Forum Moderators: phranque

Message Too Old, No Replies

.htaccess to replace characters in URLs

Swapping between two characters with .htaccess

         

WildBil2Me

4:01 pm on Mar 25, 2007 (gmt 0)

10+ Year Member



A plugin I'd been using for some time recently ceased development. When I replaced it with a new plugin I discovered that the new plugin used a different character to separate multi word tags.

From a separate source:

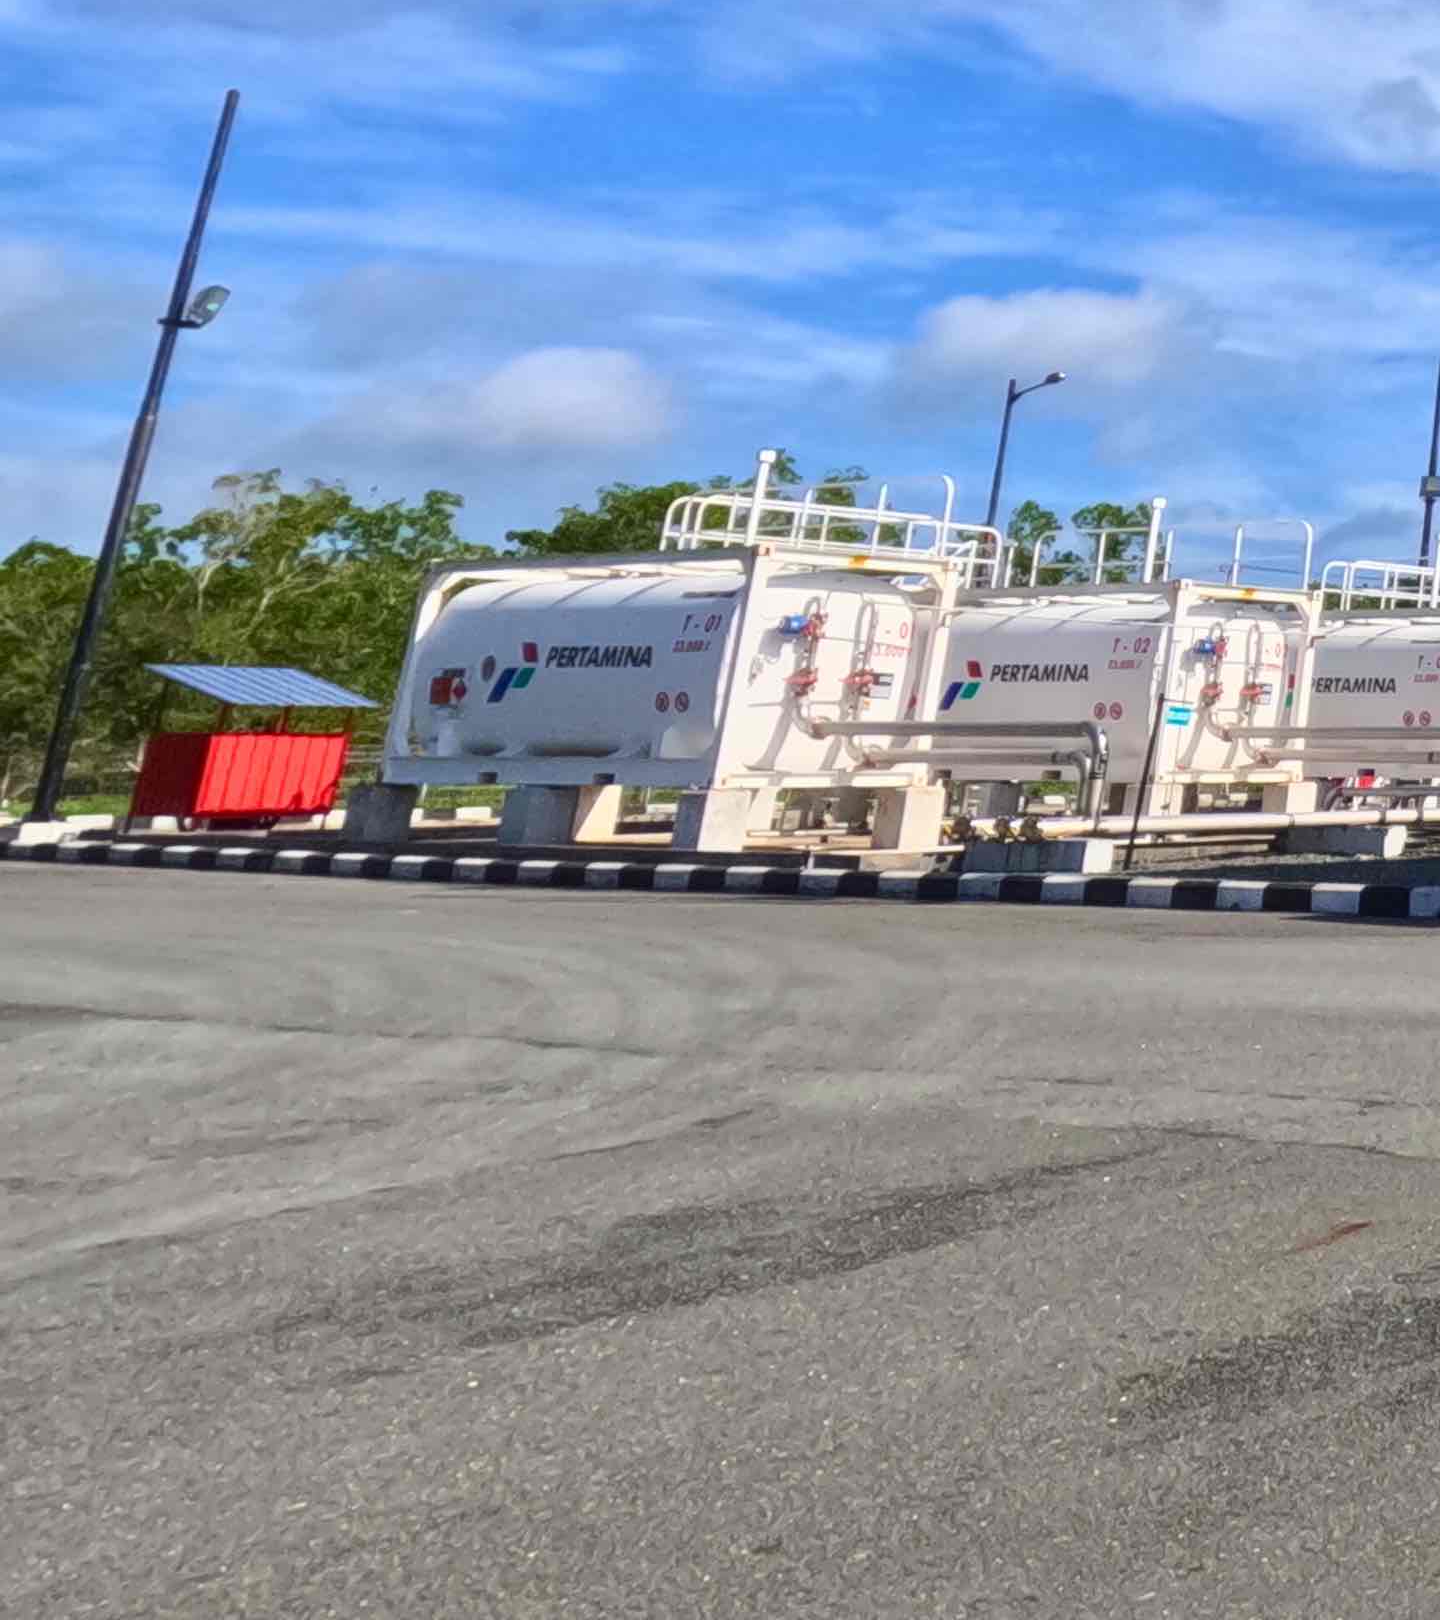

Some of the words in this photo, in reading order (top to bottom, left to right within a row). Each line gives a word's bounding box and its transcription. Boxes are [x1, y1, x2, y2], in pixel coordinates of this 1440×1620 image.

The old format was 'myurl.com/tag/foo+bar' and the new format is 'myurl.com/tag/foo_bar'

I'd like to redirect any incoming links to the new format but I've been having trouble finding .htaccess documentation that really covers this. I assume that the best option would be to rewrite the URL by replacing the '+' signs with the '_' signs. I'm just unsure how to proceed ...

Any suggestions?

jdMorgan

4:27 pm on Mar 25, 2007 (gmt 0)

WebmasterWorld Senior Member 10+ Year Member



Better yet, replace underscores with hyphens, so that search engines (Google, in particular) can read the hyphenated words as separate words, rather than interpreting "blue_widgets" to mean, "match only the exact character sequence 'blue_widgets'". It's unlikely that anyone will search for "blue_widgets" or "red_widgets" including the underscore, so this new plug-in will destroy any advantage to including the keywords in the URL.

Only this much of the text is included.